4 of 64 comments (clear)

  1. Re:Which one? by Santana · · Score: 5, Informative

    That's the main difference: goals.

    Goals make you take different decisions. They all write very good and consistent operating systems. All of them share code. OpenBSD takes drivers from Net and Free, and these have taken pf, OpenSSH and spamd; the list of shared code is huge (and that's the point of BSD).

    But every BSD has different policies. OpenBSD is the more pedantic about licenses and code quality. For some people it could seem absurd, but time has proven OpenBSD is right.

    It's my impression that OpenBSD is in the perfect balance between NetBSD (privileging portability) and FreeBSD (privileging efficiency and software availability).

    But I'm biased :>

    --
    The best way to predict the future is to invent it
  2. Re:Nice, but... by sp0rk173 · · Score: 5, Informative

    it's the OSI approved version of the license. Apparently some old files had the old 4-clause license hanging around.

    This is an improvement, and isn't making it any harder for Matt and other's ideas to get out. It's actually making the code MORE open, from the GNU/FSF/OSI standpoint. Nice attempt at a troll, though.

  3. Not that big a deal. by m.dillon · · Score: 5, Informative
    Oh for heaven's sake. It's not *that* big a deal! It's there so all the new VFS work, which is virtually guarenteed to create some destabilization despite our best efforts (because we are literally ripping out and replacing the entire VFS interface), doesn't screw up people trying to use DragonFly as a production platform.

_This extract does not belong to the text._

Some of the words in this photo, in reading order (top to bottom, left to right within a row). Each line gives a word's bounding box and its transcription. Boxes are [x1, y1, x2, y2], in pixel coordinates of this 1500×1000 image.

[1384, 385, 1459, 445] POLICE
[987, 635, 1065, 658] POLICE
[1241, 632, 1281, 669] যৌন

    Wait a few months and there will really be some new cool things to brag about. The new VFS layering is going to allow us to implement a generic journaling interface (read: real time continuously streaming fs backups and other cool things).

    -Matt

  4. Re:Which one? by m.dillon · · Score: 5, Interesting
    No, the VM subsystem... that is, the concept of using stackable VM Objects, is going to stay in. I do want to implement a copy-on-write mechanism for pages owned by in-progress I/O to avoid stall situations that still exist in FreeBSD (despite Kirk's filesystem bitmap hacks, which only really fixed the worst of the stalls). There are also some kernel memory subsystem interactions with the VM system that need cleaning up to make things more MP friendly, and vm_map's and a few other areas need some algorithmic cleanups... but it's just cleaning up, not a rewrite. Generally I believe the VM Object based VM subsystem used in FreeBSD and DragonFly to be superior to the mechanisms used in other BSDs and in Linux.